A casa i 30 lavoratori della cooperativa in sciopero alla Sabo di Levate
I dipendenti erano in presidio quando hanno ricevuto il messaggio; l'azienda: «La decisione risponde agli obiettivi di crescita»
L'appalto è stato disdetto e nessuna prestazione lavorativa è più richiesta. Nella notte tra giovedì 27 ottobre, e quella di ieri, venerdì 28, è questo il succo del messaggio WhatsApp, arrivato alla trentina di lavoratori che operavano alla Sabo di Levate per mezzo della cooperativa Colmach.
I messaggi hanno colto i lavoratori mentre erano in presidio davanti ai cancelli dell'azienda. Da più di una decina di giorni è infatti iniziato il braccio di ferro tra loro, quasi tutti stranieri provenienti da Marocco e Senegal a eccezione di un bergamasco, e i datori di lavoro.
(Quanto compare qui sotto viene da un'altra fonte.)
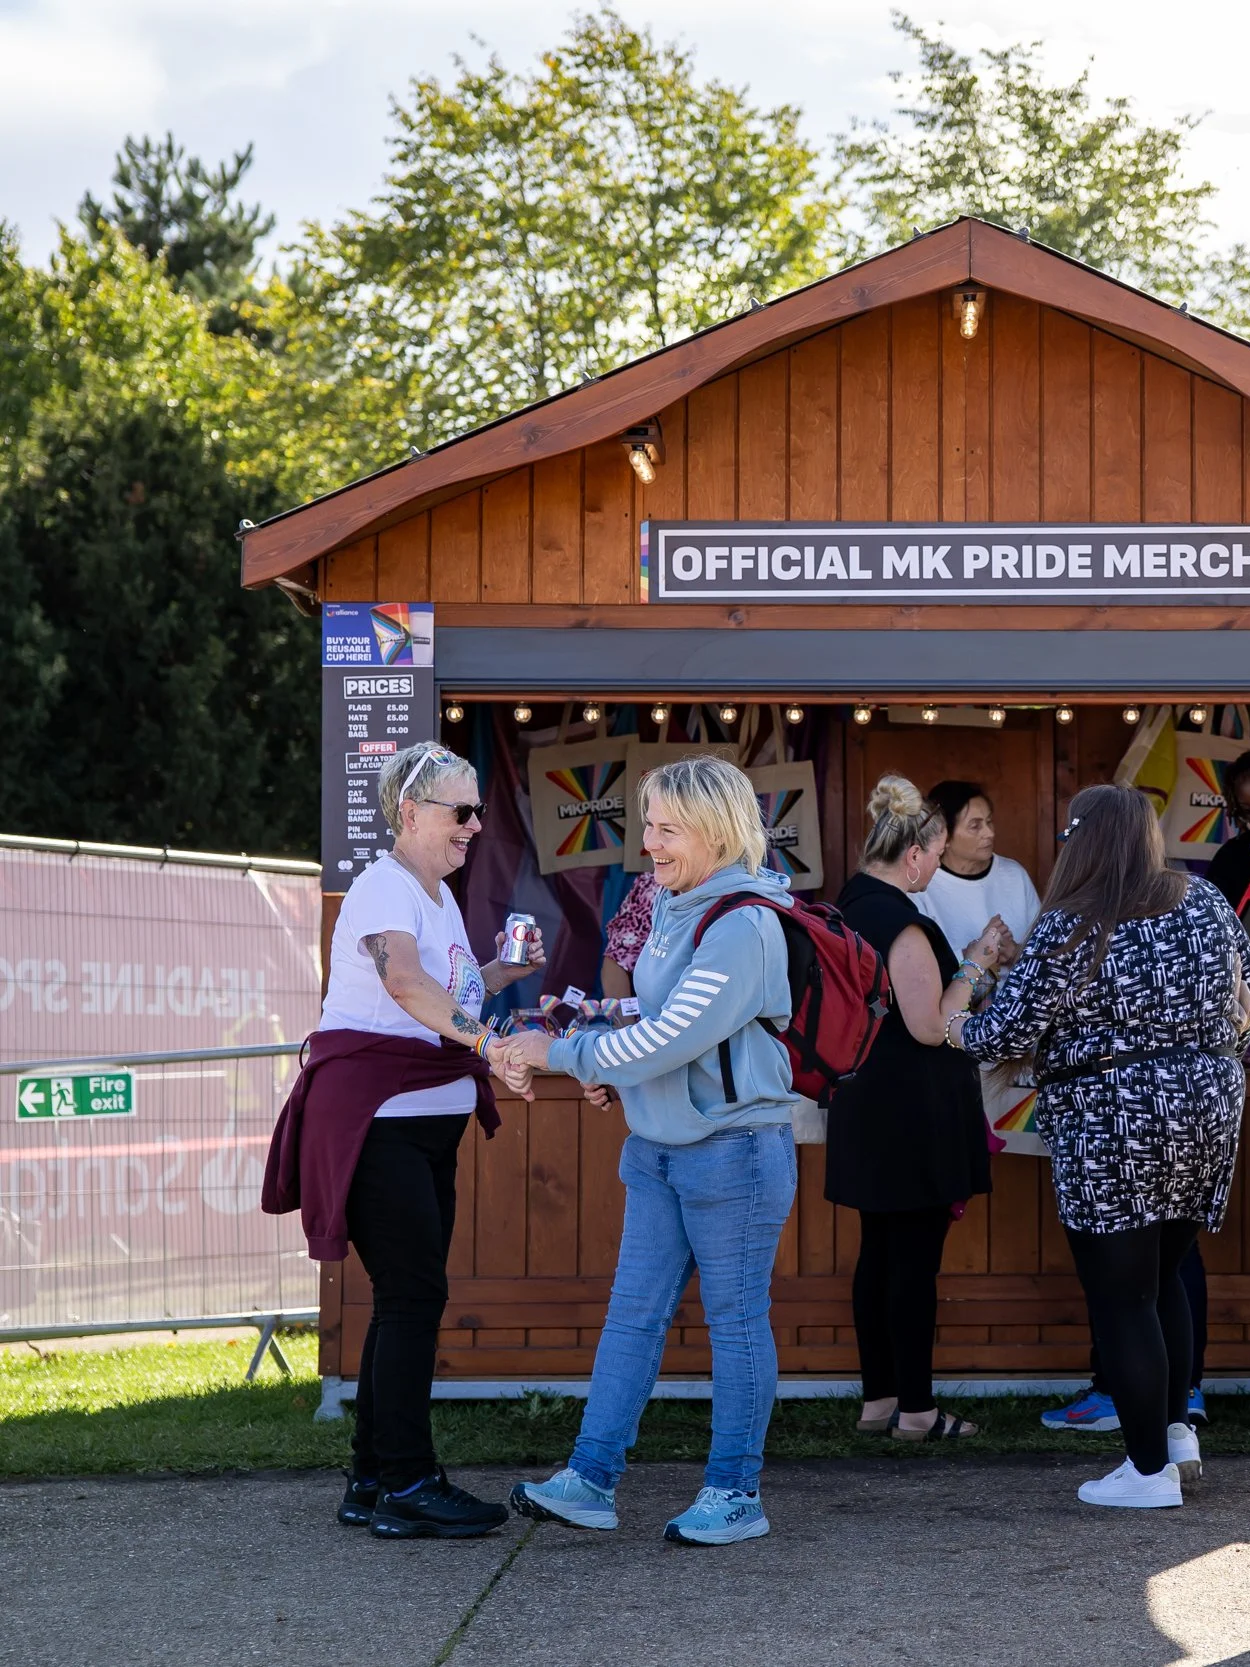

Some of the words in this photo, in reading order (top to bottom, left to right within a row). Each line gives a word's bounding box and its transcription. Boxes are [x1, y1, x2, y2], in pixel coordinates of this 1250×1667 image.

Il primo sciopero è stato infatti proclamato lo scorso 18 ottobre per lamentare le condizioni economiche e sanitarie alle quali sono costretti i lavoratori della Cooperativa e le disparità di trattamento rispetto agli altri 130 dipendenti.
Il braccio di ferro, fatto di giorni e notti di presidi e incontri non fruttuosi per i dipendenti, sembra essersi concluso con una recisione netta. Ponendo fine alle prestazioni lavorative della trentina di dipendenti, Sabo intende accelerare il “processo già programmato di internazionalizzazione di alcune attività e competenze” quali “il formgiving e il confezionamento di alcuni prodotti realizzati nel proprio stabilimento di Levate”.
L’Azienda bergamasca ha infatti dichiarato che «La decisione (quella di terminare il rapporto con la cooperativa Colmach) risponde agli obiettivi di crescita strategici delineati da Sabo nel medio periodo, raggiungibili anche attraverso il controllo costante e l’incremento della qualità in tutta la filiera produttiva e l’ottenimento delle certificazioni richieste dai nuovi mercati internazionali. Coerentemente con questa linea, Sabo ha pertanto deciso di non dare seguito a contratti con alcuni fornitori precedentemente incaricati dello svolgimento di alcune mansioni».
Non è un caso se, fresca di una manciata di settimane, è l'operazione di acquisizione di due siti produttivi della multinazionale tedesca Evonik Industries AG, uno in Germania (nel Parco chimico di Marl, in Renania settentrionale) e l’altro Cina (a Liaoyang, a sud di Shenyang).